◆ Exercise details
Starting at the line that contains "this 2380×1542 image.", return every line down to the end of the records below, exactly as written.

◆ Records drawn from a dataset
==*==

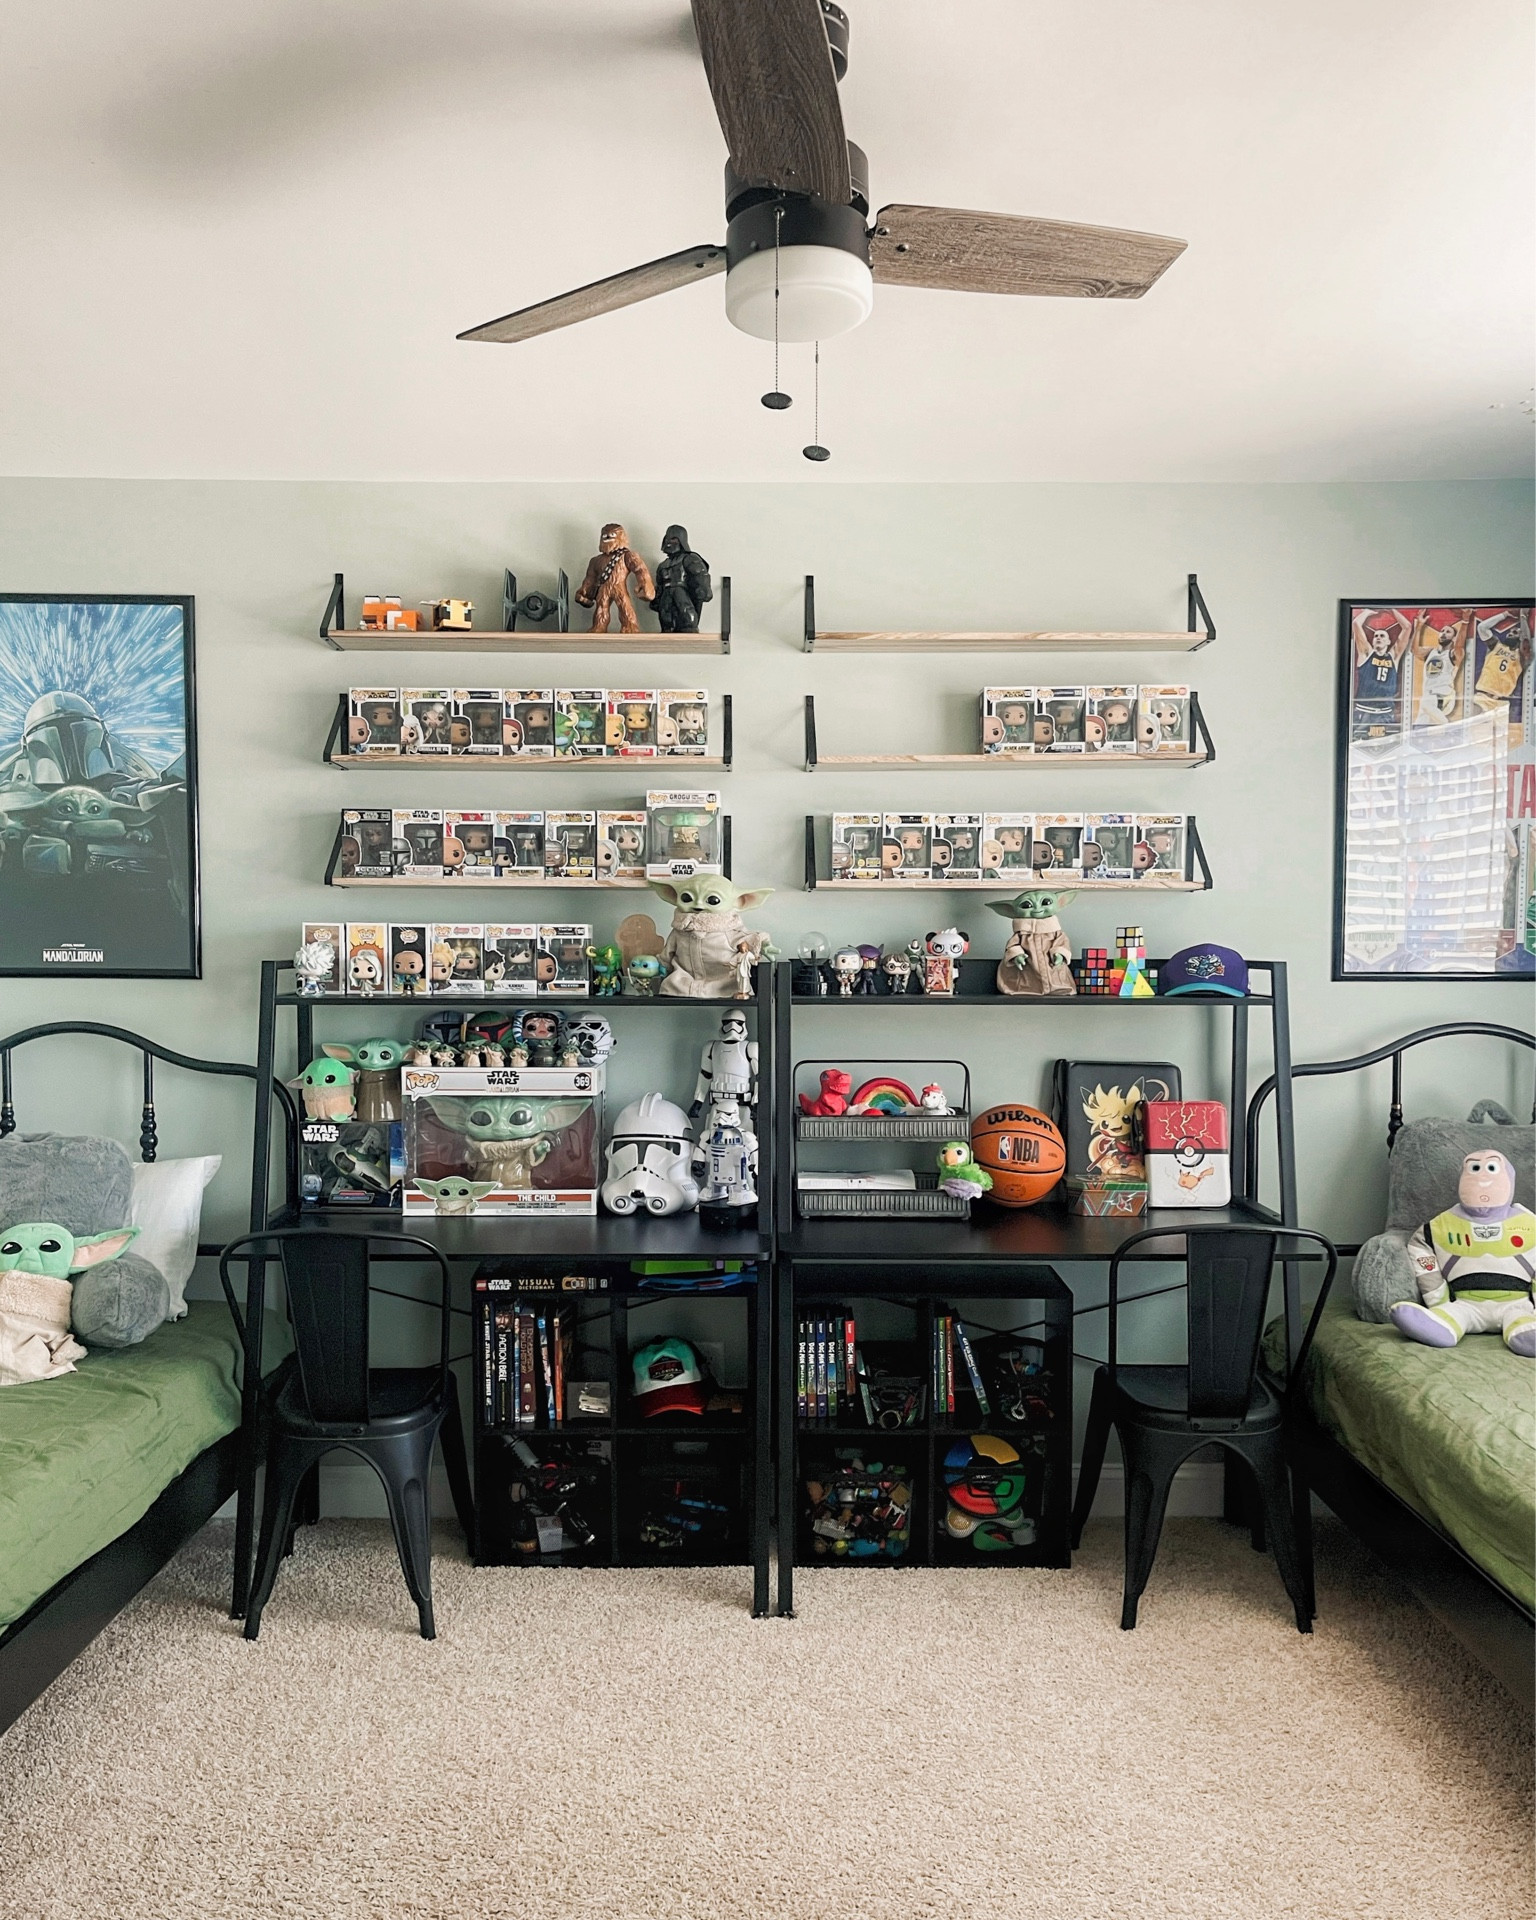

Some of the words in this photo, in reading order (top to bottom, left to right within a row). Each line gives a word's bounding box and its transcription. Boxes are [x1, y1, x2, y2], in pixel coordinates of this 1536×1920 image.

[1499, 659, 1508, 672] 6
[1376, 667, 1389, 682] 15
[43, 951, 103, 962] MANDALORIAN
[407, 1073, 440, 1089] POP!
[575, 1076, 589, 1087] 369
[303, 1124, 339, 1134] STAR
[986, 1110, 1055, 1135] Wilson
[303, 1133, 339, 1143] WARS
[1013, 1137, 1039, 1163] NBA
[498, 1337, 507, 1364] ACTION
[498, 1364, 507, 1382] BIBLE
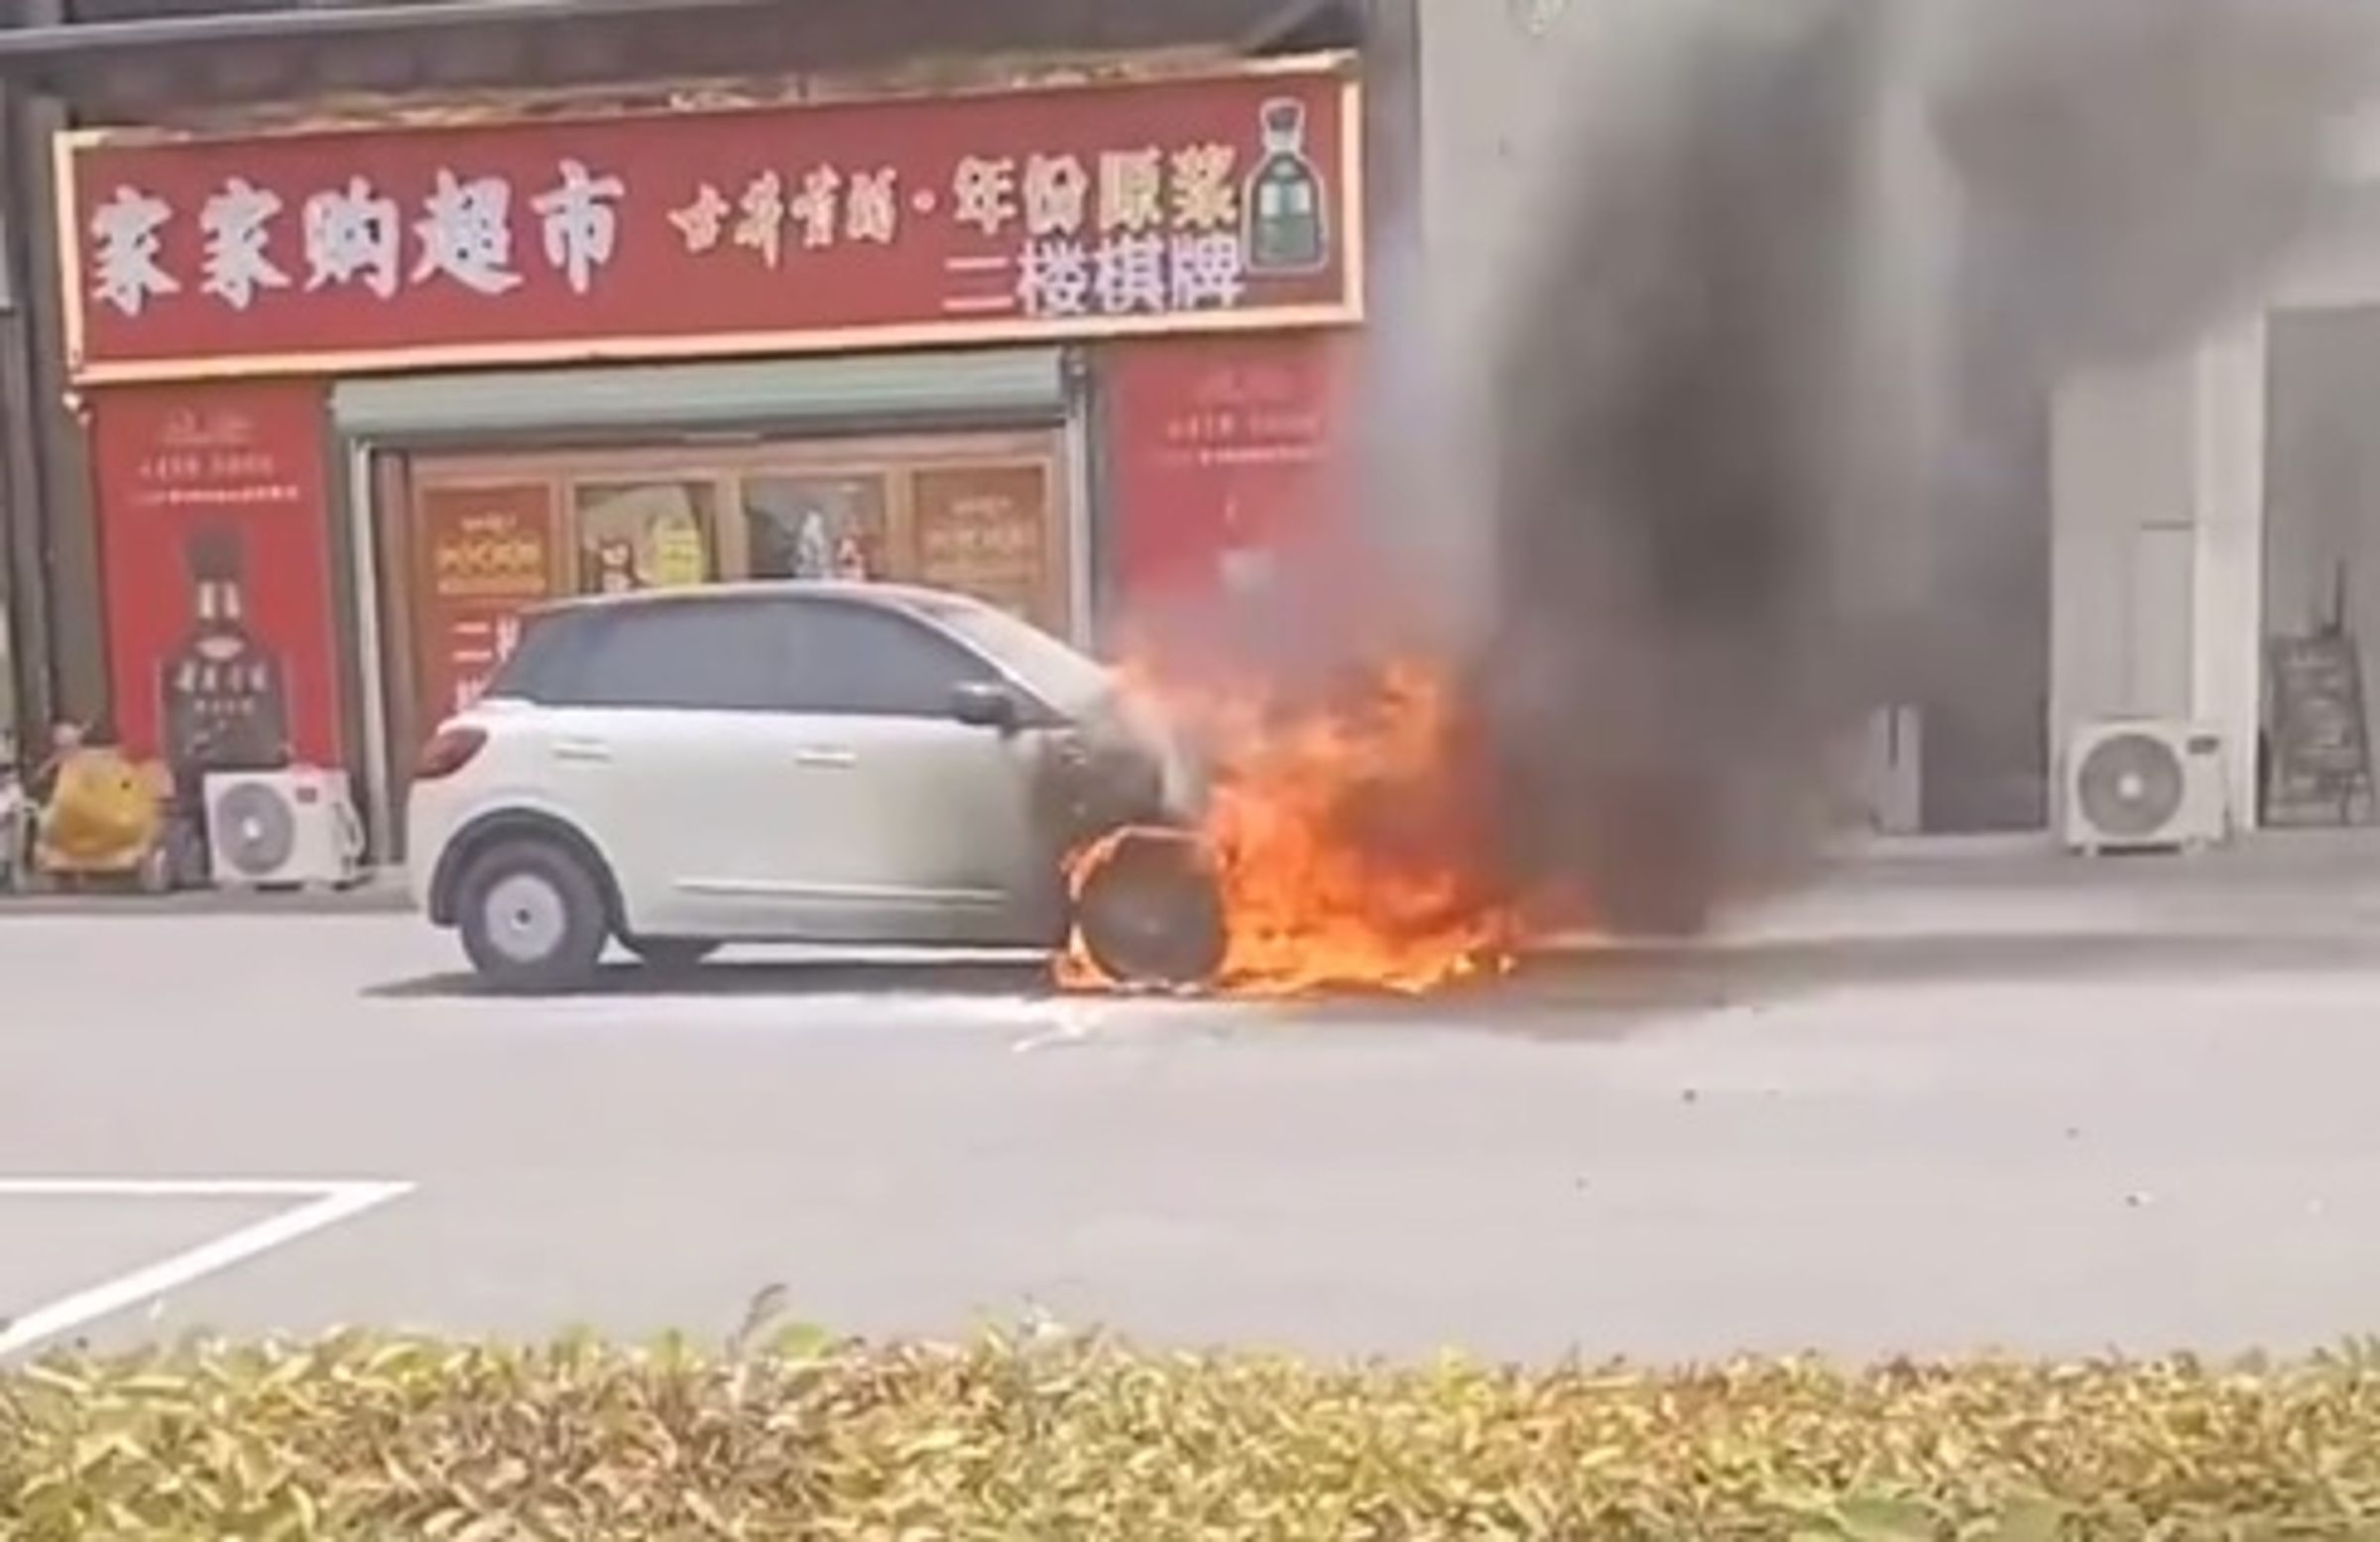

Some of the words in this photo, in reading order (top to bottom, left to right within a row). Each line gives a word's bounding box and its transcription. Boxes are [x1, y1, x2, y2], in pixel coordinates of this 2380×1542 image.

[91, 159, 625, 316] 家家购超市
[942, 232, 1248, 318] 二楼棋牌

==*==

◆ Expected output
Some of the words in this photo, in reading order (top to bottom, left to right within a row). Each line gives a word's bounding box and its transcription. Boxes are [x1, y1, x2, y2], in pixel coordinates of this 2380×1542 image.

[91, 159, 625, 316] 家家购超市
[942, 232, 1248, 318] 二楼棋牌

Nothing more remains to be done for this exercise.